## What you have to do
Output every record exactly, and nothing more.

*** Records for the exercise

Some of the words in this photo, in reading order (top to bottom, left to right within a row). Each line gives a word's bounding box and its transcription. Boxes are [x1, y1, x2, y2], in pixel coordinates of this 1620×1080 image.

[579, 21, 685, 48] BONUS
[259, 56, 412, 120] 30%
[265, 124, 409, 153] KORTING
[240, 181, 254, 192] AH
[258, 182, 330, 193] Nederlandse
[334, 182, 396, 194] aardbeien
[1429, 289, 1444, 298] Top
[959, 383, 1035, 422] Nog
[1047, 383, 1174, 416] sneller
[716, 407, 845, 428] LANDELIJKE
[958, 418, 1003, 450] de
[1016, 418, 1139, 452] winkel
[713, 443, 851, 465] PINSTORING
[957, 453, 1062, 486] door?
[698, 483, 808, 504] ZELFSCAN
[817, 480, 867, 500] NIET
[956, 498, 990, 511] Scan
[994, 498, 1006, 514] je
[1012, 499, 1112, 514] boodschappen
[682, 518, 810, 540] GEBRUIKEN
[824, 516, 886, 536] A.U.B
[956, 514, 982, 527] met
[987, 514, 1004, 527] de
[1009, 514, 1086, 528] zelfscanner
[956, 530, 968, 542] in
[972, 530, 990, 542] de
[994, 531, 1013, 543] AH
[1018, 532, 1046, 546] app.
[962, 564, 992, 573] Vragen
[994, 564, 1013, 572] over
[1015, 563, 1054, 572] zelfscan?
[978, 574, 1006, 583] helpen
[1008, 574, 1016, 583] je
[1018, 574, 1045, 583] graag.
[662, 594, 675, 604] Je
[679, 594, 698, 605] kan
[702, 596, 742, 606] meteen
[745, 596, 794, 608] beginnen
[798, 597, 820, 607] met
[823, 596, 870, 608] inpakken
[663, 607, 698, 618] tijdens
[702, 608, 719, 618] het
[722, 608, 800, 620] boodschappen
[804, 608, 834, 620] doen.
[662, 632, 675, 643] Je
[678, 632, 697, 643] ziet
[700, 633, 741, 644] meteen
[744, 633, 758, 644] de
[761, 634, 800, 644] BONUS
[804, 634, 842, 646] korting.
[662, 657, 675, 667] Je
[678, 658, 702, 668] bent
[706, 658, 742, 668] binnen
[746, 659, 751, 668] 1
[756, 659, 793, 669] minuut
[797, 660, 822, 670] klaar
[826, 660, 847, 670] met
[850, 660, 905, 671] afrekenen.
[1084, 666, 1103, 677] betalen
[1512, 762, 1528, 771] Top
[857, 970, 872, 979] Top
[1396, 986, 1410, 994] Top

******

## Written solution
Some of the words in this photo, in reading order (top to bottom, left to right within a row). Each line gives a word's bounding box and its transcription. Boxes are [x1, y1, x2, y2], in pixel coordinates of this 1620×1080 image.

[579, 21, 685, 48] BONUS
[259, 56, 412, 120] 30%
[265, 124, 409, 153] KORTING
[240, 181, 254, 192] AH
[258, 182, 330, 193] Nederlandse
[334, 182, 396, 194] aardbeien
[1429, 289, 1444, 298] Top
[959, 383, 1035, 422] Nog
[1047, 383, 1174, 416] sneller
[716, 407, 845, 428] LANDELIJKE
[958, 418, 1003, 450] de
[1016, 418, 1139, 452] winkel
[713, 443, 851, 465] PINSTORING
[957, 453, 1062, 486] door?
[698, 483, 808, 504] ZELFSCAN
[817, 480, 867, 500] NIET
[956, 498, 990, 511] Scan
[994, 498, 1006, 514] je
[1012, 499, 1112, 514] boodschappen
[682, 518, 810, 540] GEBRUIKEN
[824, 516, 886, 536] A.U.B
[956, 514, 982, 527] met
[987, 514, 1004, 527] de
[1009, 514, 1086, 528] zelfscanner
[956, 530, 968, 542] in
[972, 530, 990, 542] de
[994, 531, 1013, 543] AH
[1018, 532, 1046, 546] app.
[962, 564, 992, 573] Vragen
[994, 564, 1013, 572] over
[1015, 563, 1054, 572] zelfscan?
[978, 574, 1006, 583] helpen
[1008, 574, 1016, 583] je
[1018, 574, 1045, 583] graag.
[662, 594, 675, 604] Je
[679, 594, 698, 605] kan
[702, 596, 742, 606] meteen
[745, 596, 794, 608] beginnen
[798, 597, 820, 607] met
[823, 596, 870, 608] inpakken
[663, 607, 698, 618] tijdens
[702, 608, 719, 618] het
[722, 608, 800, 620] boodschappen
[804, 608, 834, 620] doen.
[662, 632, 675, 643] Je
[678, 632, 697, 643] ziet
[700, 633, 741, 644] meteen
[744, 633, 758, 644] de
[761, 634, 800, 644] BONUS
[804, 634, 842, 646] korting.
[662, 657, 675, 667] Je
[678, 658, 702, 668] bent
[706, 658, 742, 668] binnen
[746, 659, 751, 668] 1
[756, 659, 793, 669] minuut
[797, 660, 822, 670] klaar
[826, 660, 847, 670] met
[850, 660, 905, 671] afrekenen.
[1084, 666, 1103, 677] betalen
[1512, 762, 1528, 771] Top
[857, 970, 872, 979] Top
[1396, 986, 1410, 994] Top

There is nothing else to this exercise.